** Opening SUPPLIED RECORDS block **
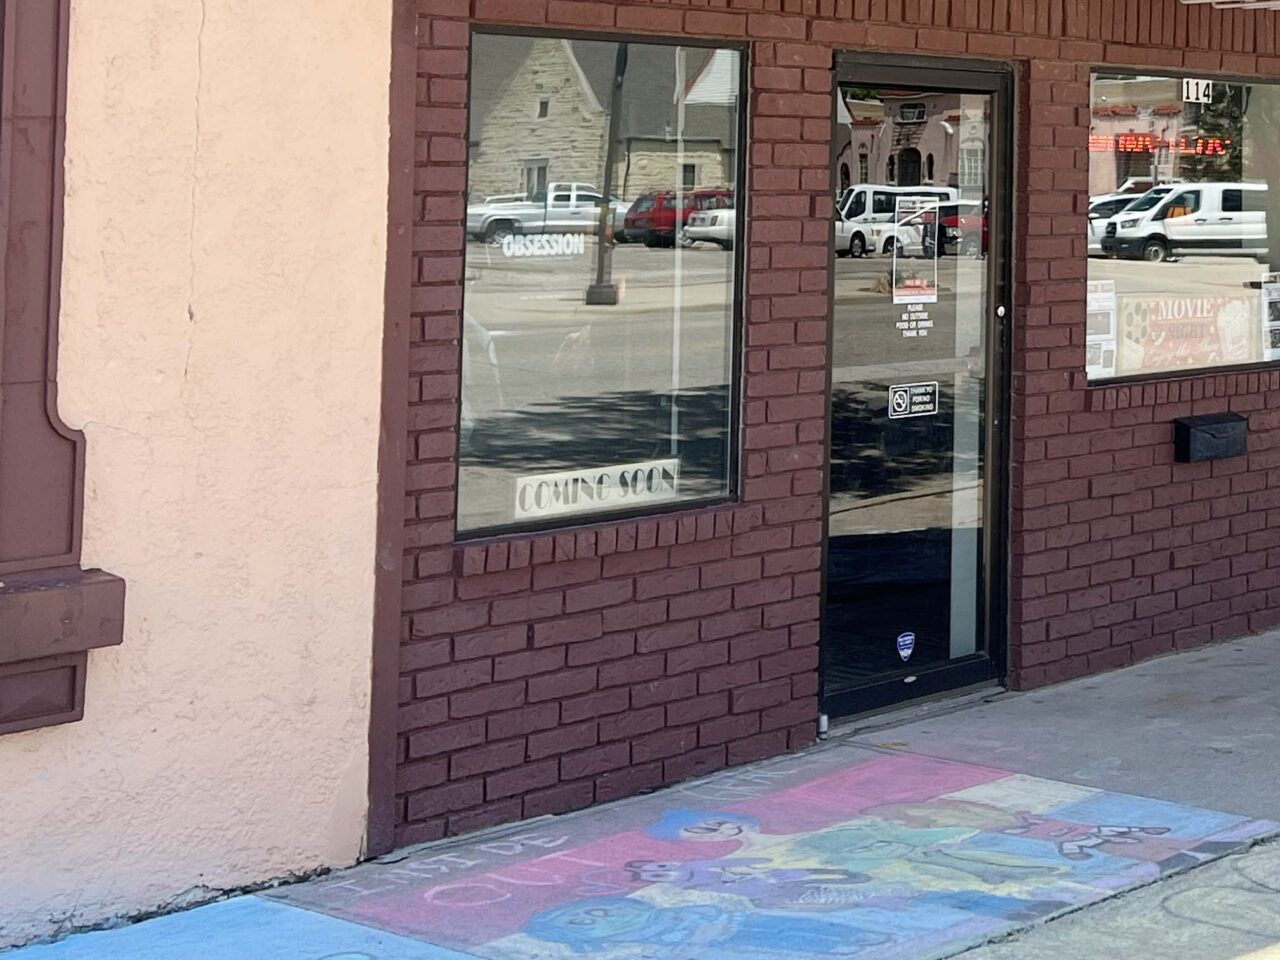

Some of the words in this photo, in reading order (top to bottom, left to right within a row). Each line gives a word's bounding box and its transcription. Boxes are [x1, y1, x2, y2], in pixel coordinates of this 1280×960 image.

[1185, 80, 1211, 102] 114
[502, 233, 585, 257] OBSESSION
[1156, 297, 1214, 320] MOVIE
[518, 473, 611, 512] COMING
[619, 465, 675, 498] SOON
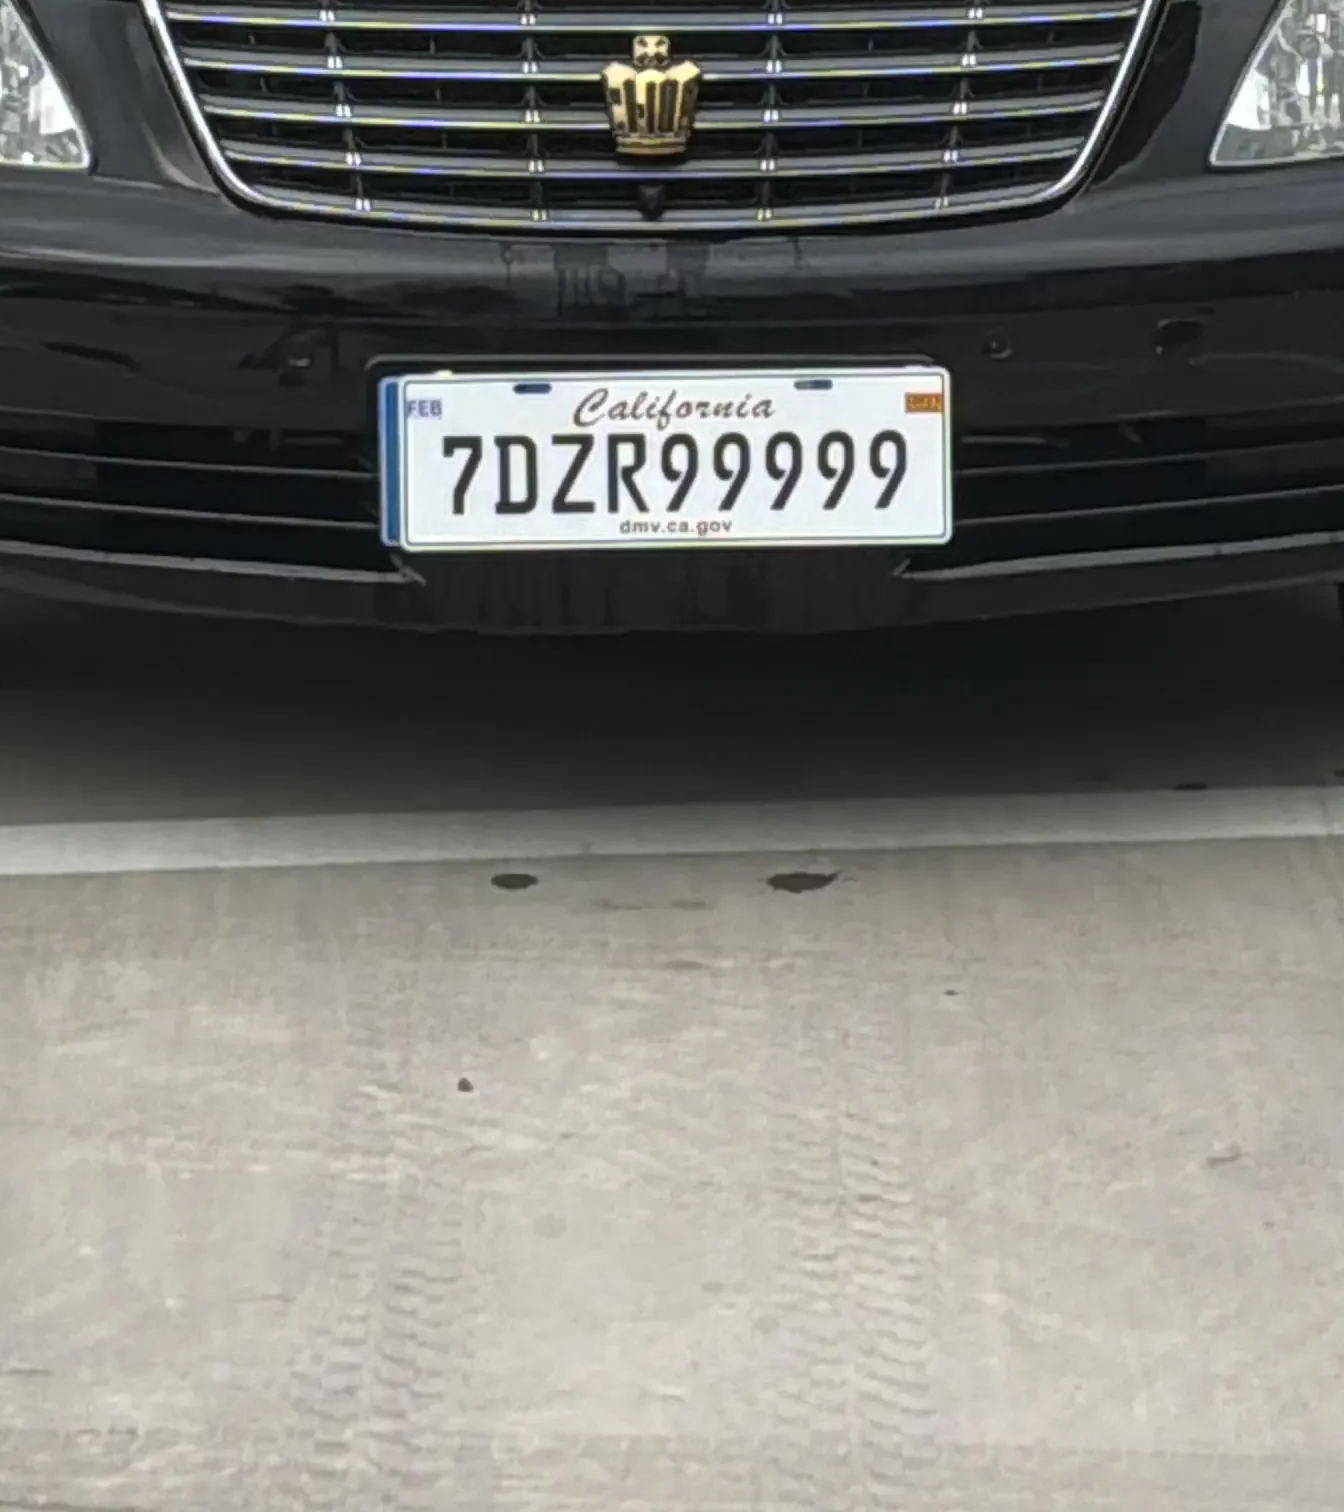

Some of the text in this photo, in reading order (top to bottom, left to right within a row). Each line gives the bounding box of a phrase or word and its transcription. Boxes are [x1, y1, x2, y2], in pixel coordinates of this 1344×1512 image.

[406, 399, 443, 418] FEB
[573, 388, 775, 428] California
[442, 429, 908, 516] 7DZR99999
[619, 518, 733, 536] dmv.ca.gov
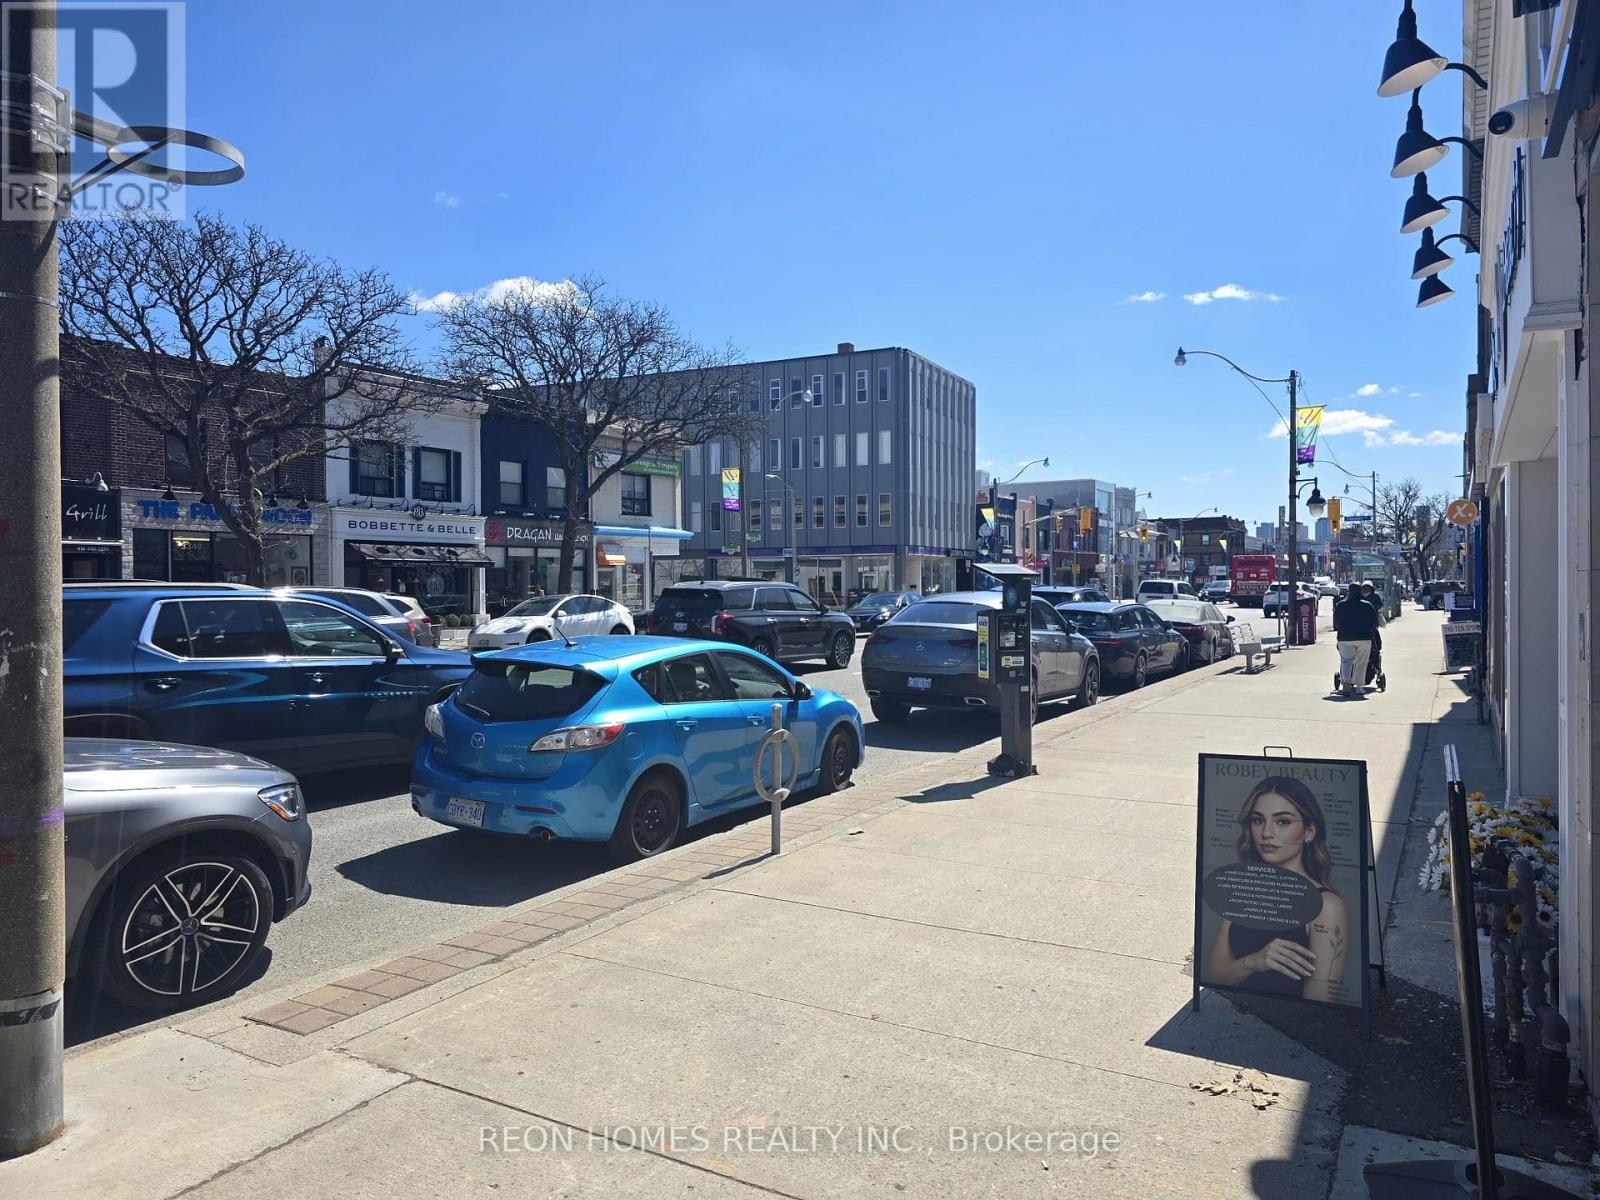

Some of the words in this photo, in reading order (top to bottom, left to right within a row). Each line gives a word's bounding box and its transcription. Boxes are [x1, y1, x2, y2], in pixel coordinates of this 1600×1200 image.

[66, 503, 108, 521] Grill
[348, 520, 424, 532] BOBBETTE
[427, 524, 435, 532] &
[437, 525, 477, 534] BELLE
[506, 527, 552, 542] DRAGAN
[1215, 762, 1273, 778] ROBEY
[1278, 766, 1351, 783] BEAUTY
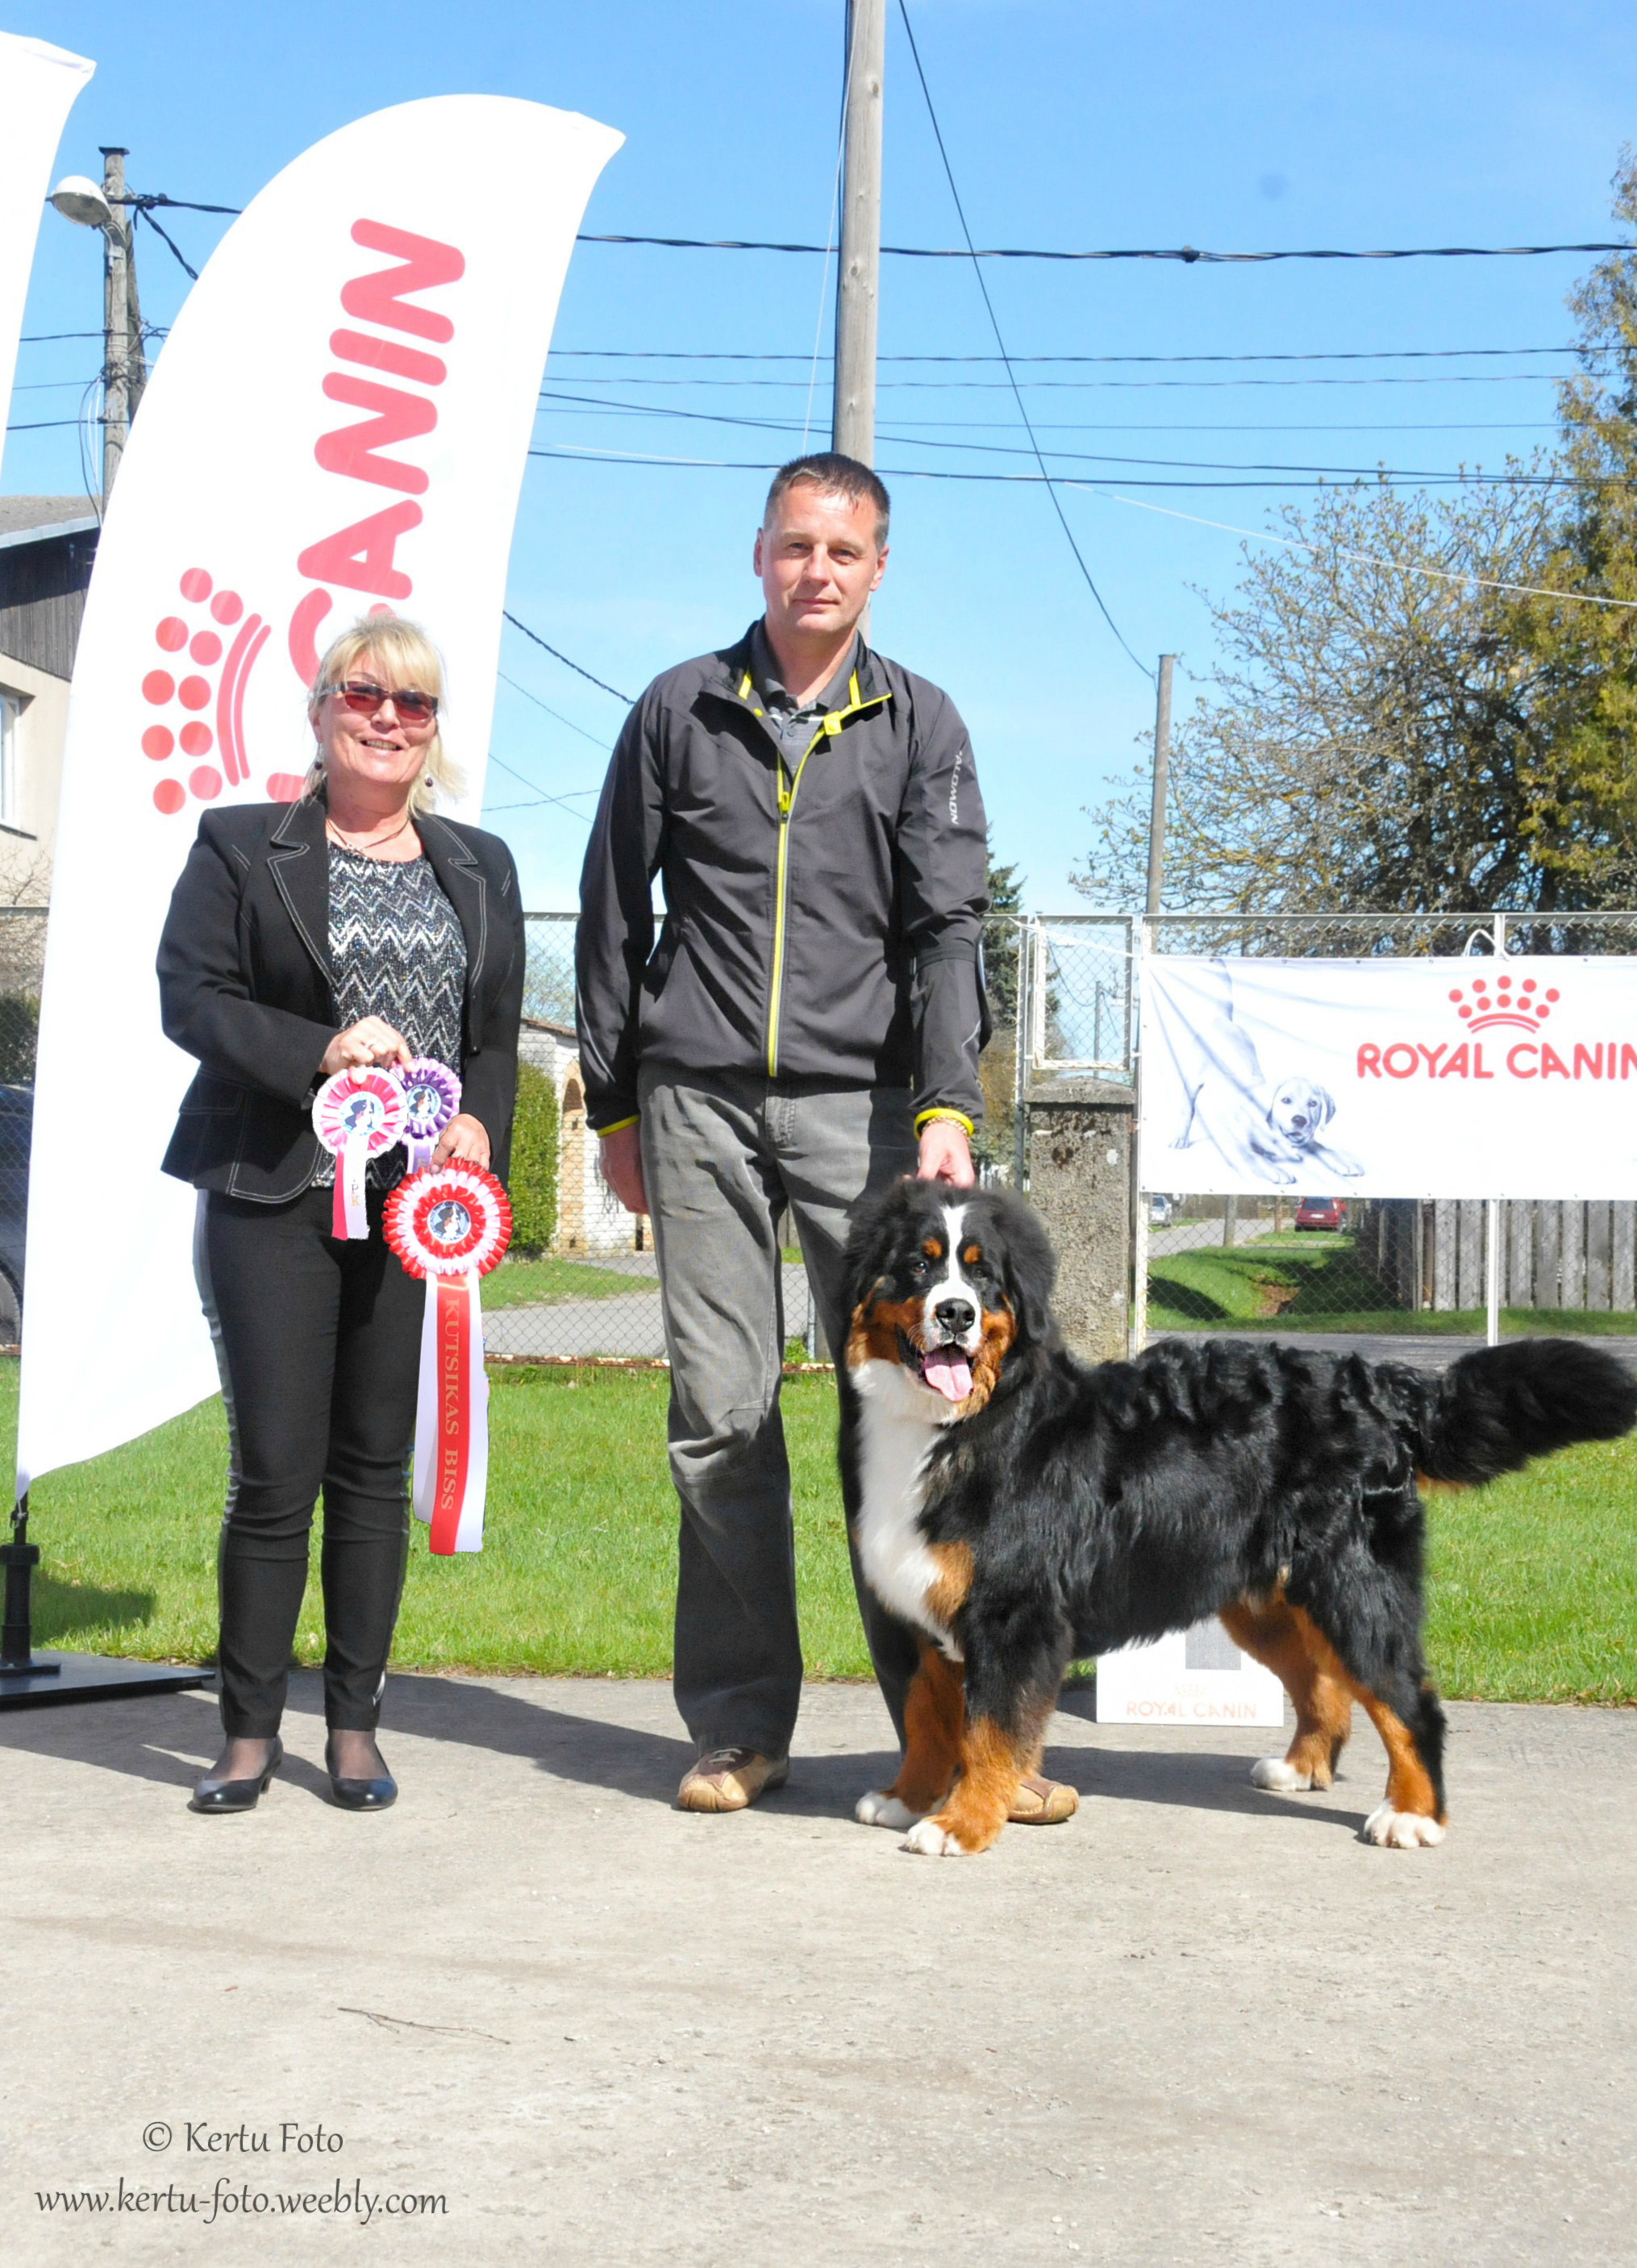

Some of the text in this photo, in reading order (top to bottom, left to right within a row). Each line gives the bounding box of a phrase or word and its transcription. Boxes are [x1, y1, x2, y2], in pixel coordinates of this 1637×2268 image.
** Closing SUPPLIED RECORDS block **
Give the data again exactly as it stands, apart from the pictures.

- ANSWER TO THIS PROBLEM
Some of the words in this photo, in reading order (top to bottom, left to right within a row). Each line gives a word's bounding box and its transcription. Boxes are [x1, y1, x2, y2], in pixel coordinates of this 1280×960 image.

[1185, 80, 1211, 102] 114
[502, 233, 585, 257] OBSESSION
[1156, 297, 1214, 320] MOVIE
[518, 473, 611, 512] COMING
[619, 465, 675, 498] SOON

Some of the text in this photo, in reading order (top to bottom, left to right within a row). Each line gives the bounding box of a phrase or word and its transcription. Boxes are [x1, y1, x2, y2], in pixel coordinates of this 1344×1512 image.

[406, 399, 443, 418] FEB
[573, 388, 775, 428] California
[442, 429, 908, 516] 7DZR99999
[619, 518, 733, 536] dmv.ca.gov

Some of the words in this photo, in reading order (top to bottom, left to right within a row). Each line gives a word's bounding box and its transcription. Boxes are [x1, y1, x2, y2], in pixel coordinates of this 1600×1200 image.

[66, 503, 108, 521] Grill
[348, 520, 424, 532] BOBBETTE
[427, 524, 435, 532] &
[437, 525, 477, 534] BELLE
[506, 527, 552, 542] DRAGAN
[1215, 762, 1273, 778] ROBEY
[1278, 766, 1351, 783] BEAUTY

Some of the text in this photo, in reading order (top to bottom, left to right within a row). Each line gives the bounding box of a phrase or word and its transcription. Boxes are [x1, y1, x2, y2], in pixel coordinates of this 1637×2268 image.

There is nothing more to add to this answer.